A way to test this point is linearizing the response of the autoencoders in the low-contrast regime and check that it is shift invariant. Using a Taylor expansion, the response for low-contrast images can be approximated by the Jacobian around the origin (the zero-contrast image,
\({\boldsymbol 0}\), which is just a flat gray patch):
\begin{eqnarray}
{\boldsymbol y} &\; = & S_\theta ({\boldsymbol x}) \nonumber \\
{\boldsymbol y}_{\textrm {low}} &\; = & S_\theta ({\boldsymbol 0} + {\boldsymbol x}_{\textrm {low}})\nonumber\\
&\;\approx& S_\theta ({\boldsymbol 0}) + \nabla _{\!{\boldsymbol x}} S_\theta ({\boldsymbol 0}) \cdot {\boldsymbol x}_{\textrm {low}} \quad\\
{\boldsymbol y}_{\textrm {low}} &\; \approx & \nabla _{\!{\boldsymbol x}} S_\theta ({\boldsymbol 0}) \cdot {\boldsymbol x}_{\textrm {low}} \nonumber
\end{eqnarray}
where we assumed that the response for zero-contrast images is zero.
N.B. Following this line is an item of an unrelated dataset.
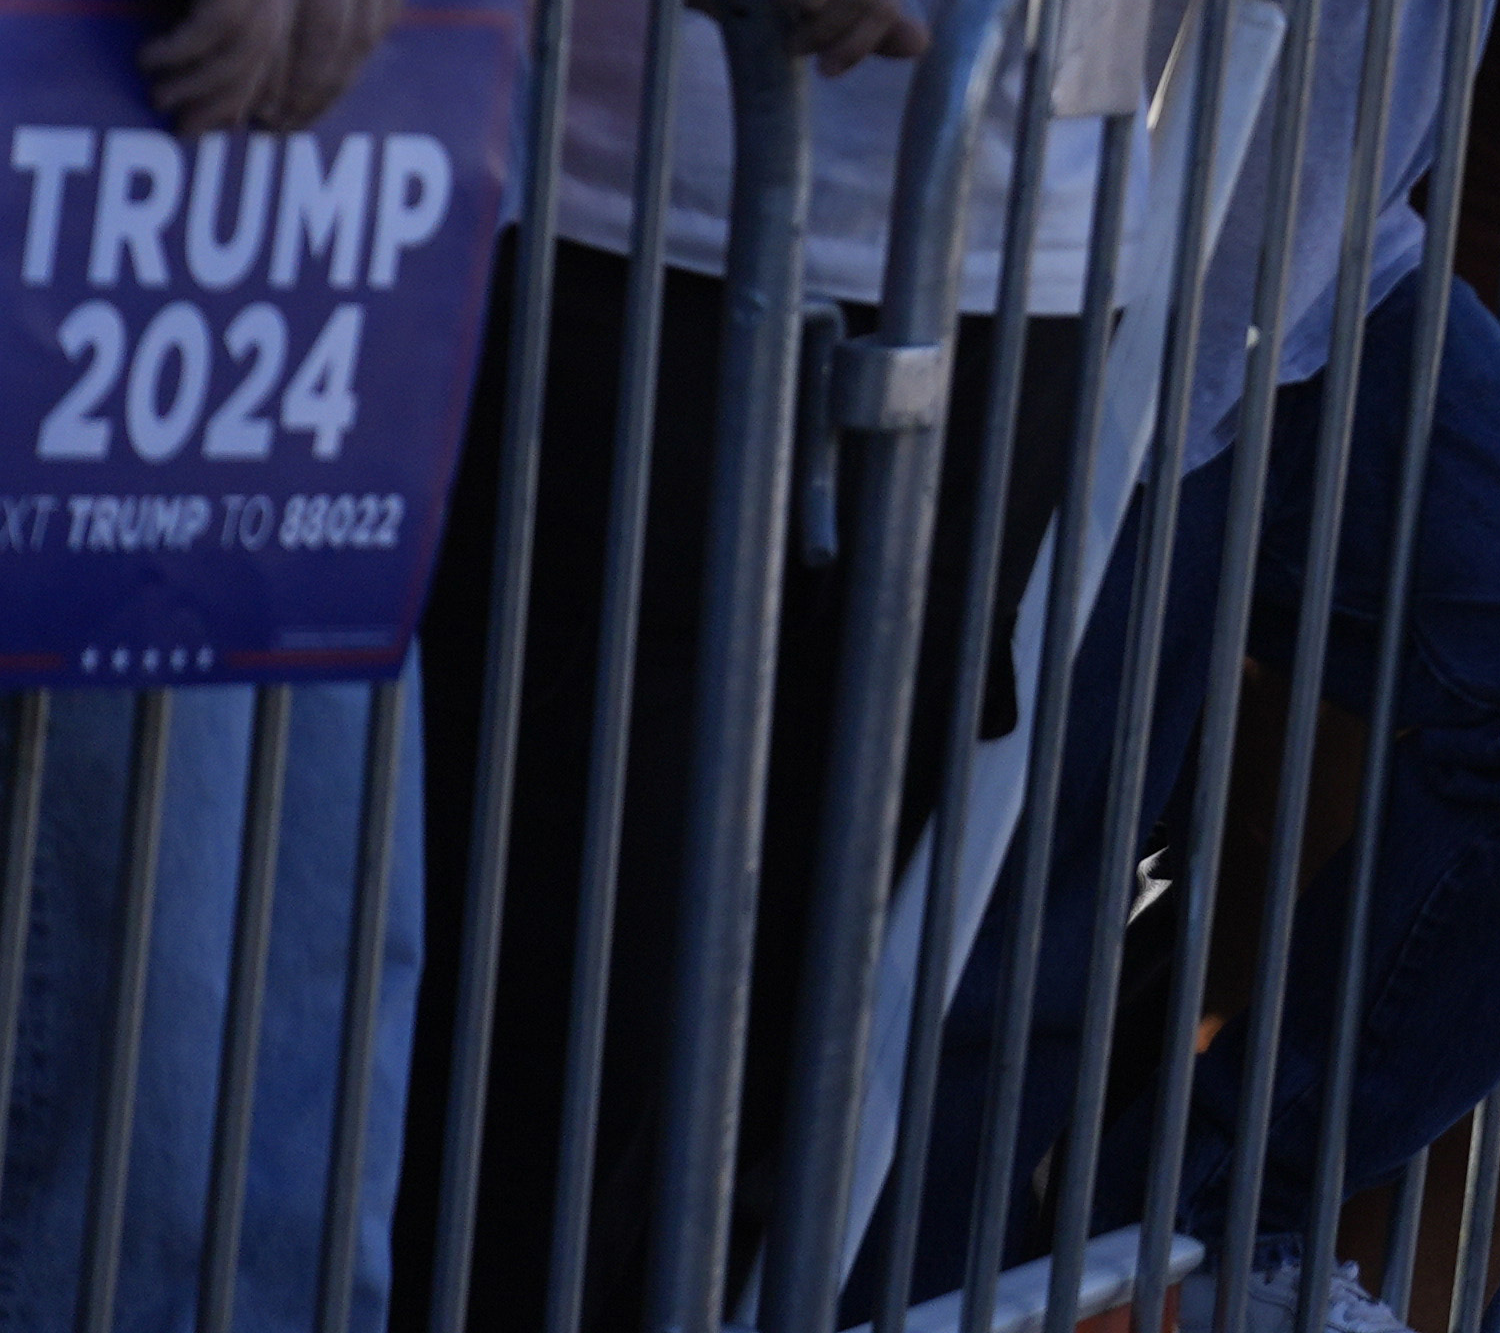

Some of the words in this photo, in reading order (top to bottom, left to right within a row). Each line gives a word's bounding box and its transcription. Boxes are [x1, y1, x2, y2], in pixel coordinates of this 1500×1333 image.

If the behavior of the system at this low-energy regime is shift invariant, the Jacobian matrix can be diagonalized as
\(\nabla _{\!{\boldsymbol x}} S_\theta ({\boldsymbol 0}) = B\cdot \lambda \cdot B^{-1}\), with extended oscillatory basis functions in the columns of
\(B\) (and rows of
\(B^{-1}\)). Fourier basis and cosine basis are examples of extended (nonlocal) oscillatory functions that diagonalize shift invariant systems. The reason for this result is equivalent to the emergence of cosine basis when computing the principal components of stationary signals (shift-invariant autocorrelation) (
Clarke, 1981). As a result, the slope of the response for low-contrast sinusoids (the CSF) will be related to the eigendecomposition of the Jacobian of the system at
\({\boldsymbol 0}\). Let’s compute the response for a sinusoid in this Taylor/Fourier setting to see the relation. A basis function
\({\boldsymbol b}^f\) with specific frequency
\(f\) is orthogonal to all rows (sinusoids) in
\(B^{-1}\) except that of the same frequency, that is,
\(B^{-1} \cdot {\boldsymbol b}^f = {\boldsymbol \delta }^{f^{\prime }f}\). And this delta selects the corresponding column (of frequency
\(f\)) among all the columns in the matrix B:
\begin{eqnarray}
{\boldsymbol y}^f &\; = & S_\theta ({\boldsymbol b}^f) \approx \nabla _{\!{\boldsymbol x}} S_\theta ({\boldsymbol 0}) \cdot {\boldsymbol b}^f \nonumber \\
&\; \approx & B\cdot \lambda \cdot B^{-1} \cdot {\boldsymbol b}^f \nonumber \\
&\; \approx & B\cdot \lambda \cdot {\boldsymbol \delta }^{f^{\prime }f} \nonumber \\
&\; \approx & \lambda _f \, {\boldsymbol b}^f
\end{eqnarray}
So the slope of the response for basis functions of frequency
\(f\) is
\(\lambda _f\) (the corresponding eigenvalue of the Jacobian of the autoencoder). As a result, for systems with shift invariance in the low-contrast regime, the eigenvalues of the linear approximation of the system (eigenvalues of the Jacobian) are conceptually similar to the CSF. A direct comparison of the eigenvalue spectrum with the CSF may not be simple because the eigenfunctions may differ from Fourier sinusoids. Examples of this include isotropic systems (with a constant sensitivity for certain
\(|f|\) independent of orientation). In this case, the eigenbasis may be not sinusoids, but arbitrary linear combinations of sinusoids of the same frequency and different orientation.